City analysts confirmed that Premier was still reeling from consumers’ decisions to switch to healthier alternatives to bread, since the firm overpaid for Rank Hovis MacDougall (RHM) under the previous regime.
Since the £1.2bn takeover, which was completed in December 2005, Premier’s share price has plummeted from nearly £3 to 11.5p today (March 20).
The news also follows the announcement from Premier on March 19 that its bread division had reported a loss of £230M last year.
Started to slip
Jeff Stent, an analyst at Exane BNP Paribas, told FoodManufacture.co.uk: “The problem was that Premier overpaid for a not-great business, which was RHM. The firm had too much debt and trading had started to slip.
“At the time Premier bought Hovis it was trading with double-digit margins, now it is trading with nowhere near that. This is worsened by the fact that the amount of bread being consumed in the UK is declining. Ask people if they brought a sandwich to work today.”
His thoughts were supported by Julian Wild, food group director at law firm Rollits. He told FoodManufacture.co.uk that the previous management at Premier had left current ceo Michael Clarke’s team with a mountain to climb.
He said: “Clearly the management has inherited a tremendous sort-out. This was off the back of the previous regime’s acquisition strategy, in which they made too many expensive acquisitions while the market was stronger.
“The market dropped and this was reflected in the share price. This problem went on for a number of years, which ultimately lead to the old team departing.”
Potential recovery
Wild praised Clarke and his new management team. He also stressed that he thought Premier’s recent deal with its banks will be a key factor in its potential recovery.

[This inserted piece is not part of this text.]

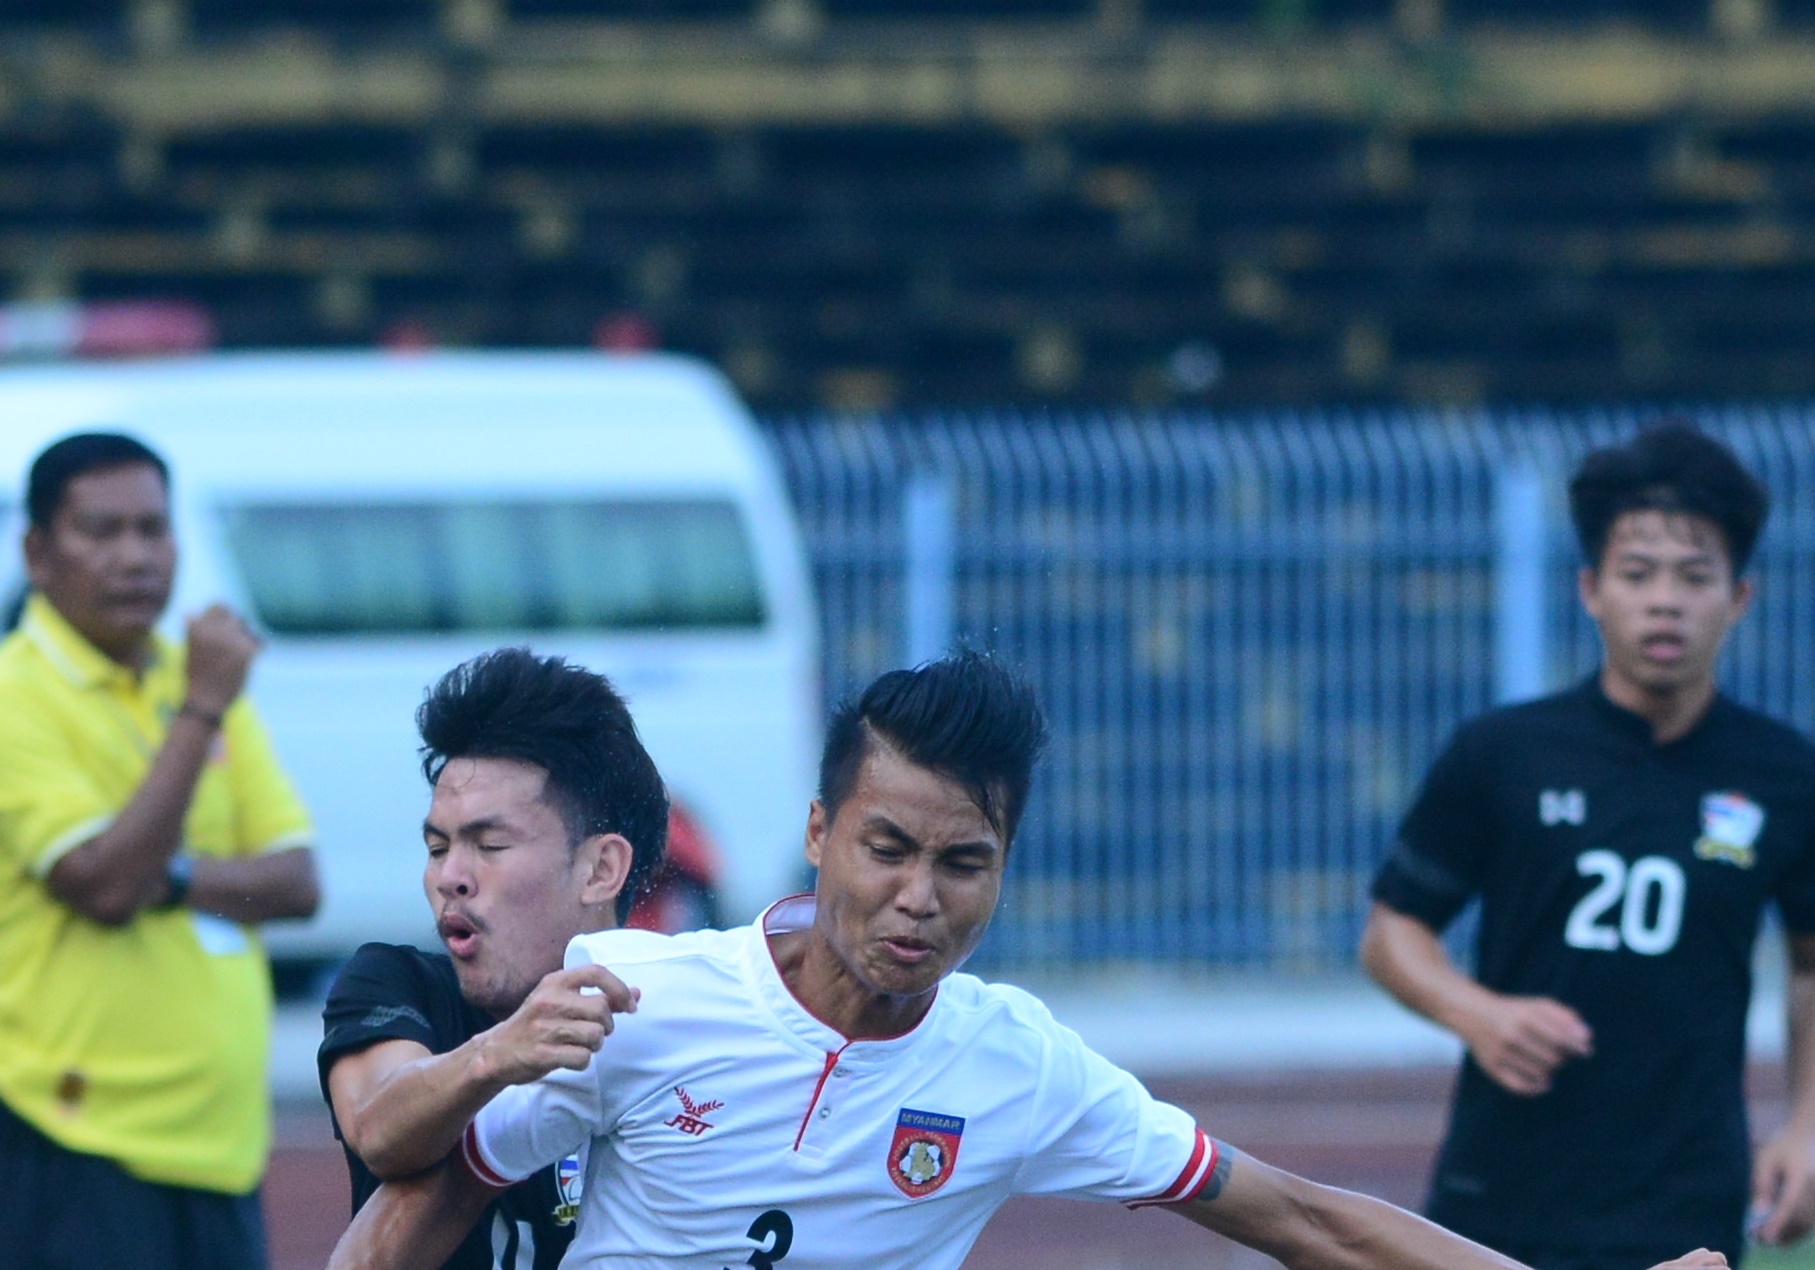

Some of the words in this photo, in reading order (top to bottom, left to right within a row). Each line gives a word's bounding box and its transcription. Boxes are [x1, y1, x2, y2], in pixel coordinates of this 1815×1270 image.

[1564, 849, 1687, 955] 20
[663, 1114, 714, 1136] FBT
[900, 1113, 961, 1129] MYANMAR

“I think the new team has done a pretty decent job,” he said.
“They have secured the refinancing, which is a very important step. But I’m sure it will have come with some pretty big costs and would not have been cheap.”
Premier has long stressed the importance of its eight Power Brands, which include Hovis, in its battle for stability.

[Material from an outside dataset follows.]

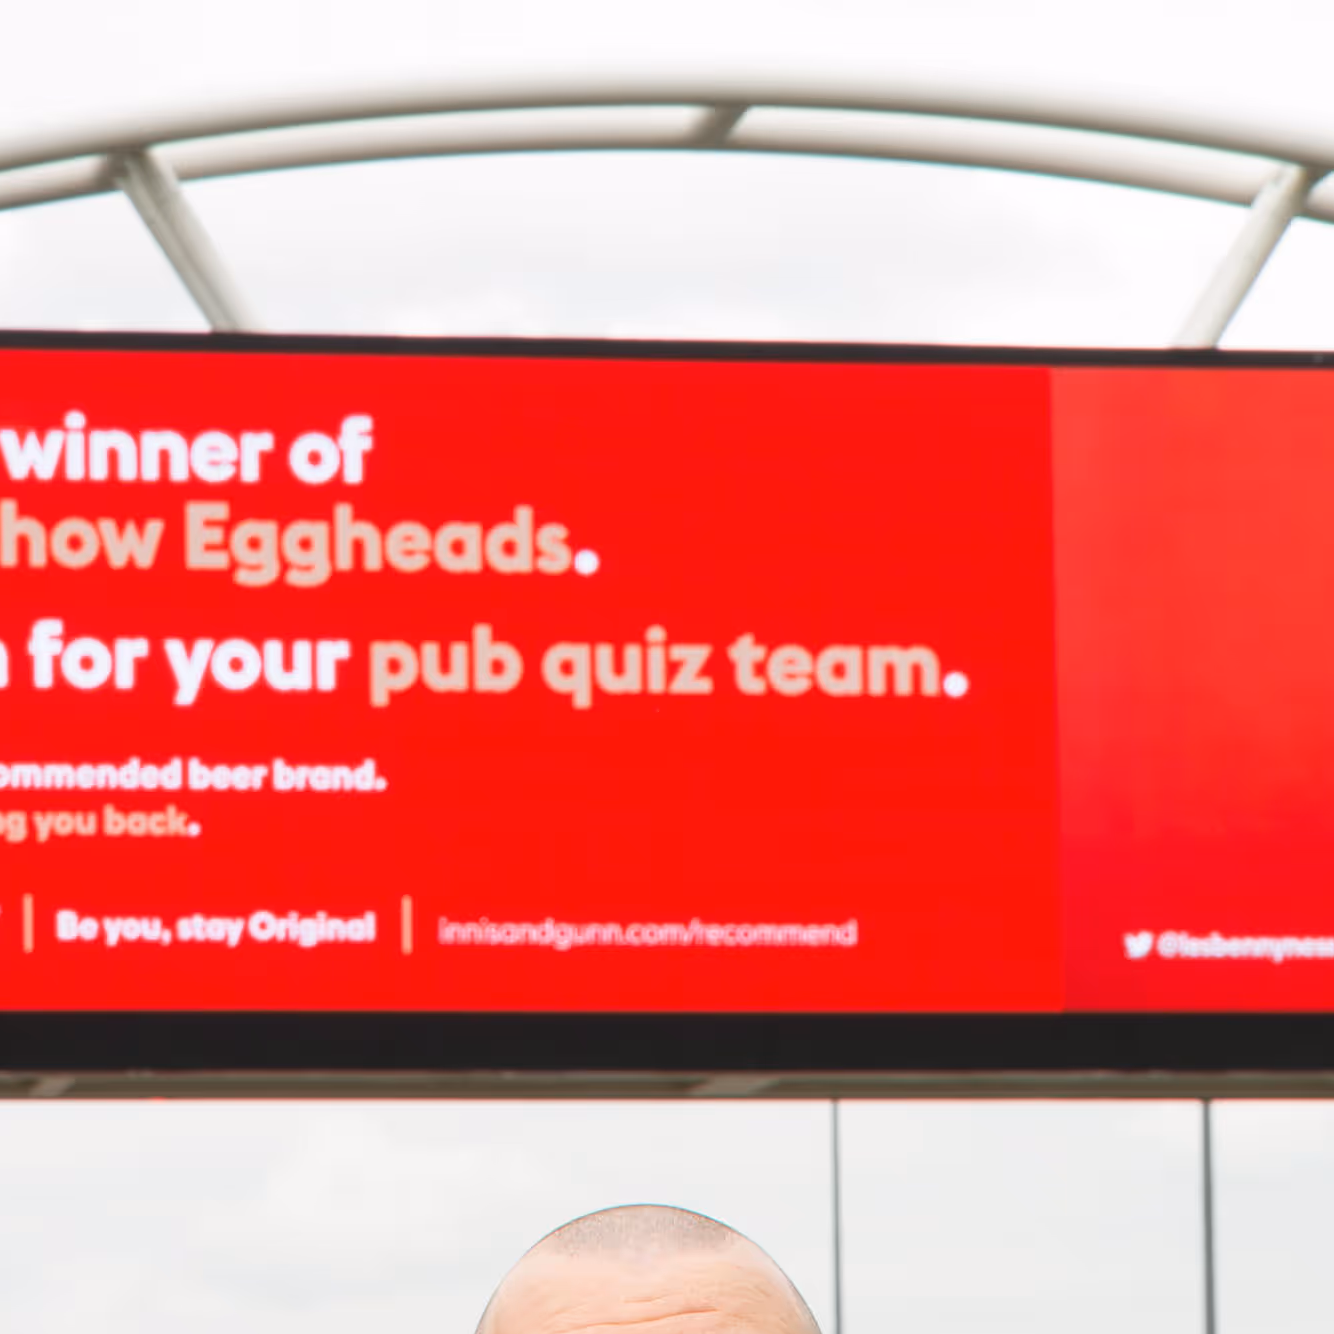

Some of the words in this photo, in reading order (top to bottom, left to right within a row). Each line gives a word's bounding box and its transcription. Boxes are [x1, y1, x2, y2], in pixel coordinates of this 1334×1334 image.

Earlier this week, the firm announced the appointment of two new advertising firms to oversee the “creative execution” of the all-important plan.
The move sees the firm part company with current advertising firms 101 and Dare, as its downsizes its marketing roster.
As a result, the McCann London agency has assumed control of the promotion for Power Brands Batchelors, Bisto, Loyd Grosman and Sharwood’s.
The Hovis, Ambrosia, Mr Kipling and Oxo brands will be now managed by Kensington-based firm JWT.
Grocery and bakery md at Premier, Iwan Williams said: “Both 101 and Dare have continued to deliver excellent advertising for our brands and I would like to thank them for their work. As we reviewed our future plans, we decided to focus on a smaller number of agencies that have the breadth, scale and resources to manage our Power Brand portfolio.”
The move follows the firm’s announcement in January that it plans to double marketing spend in 2012 to more than £50M.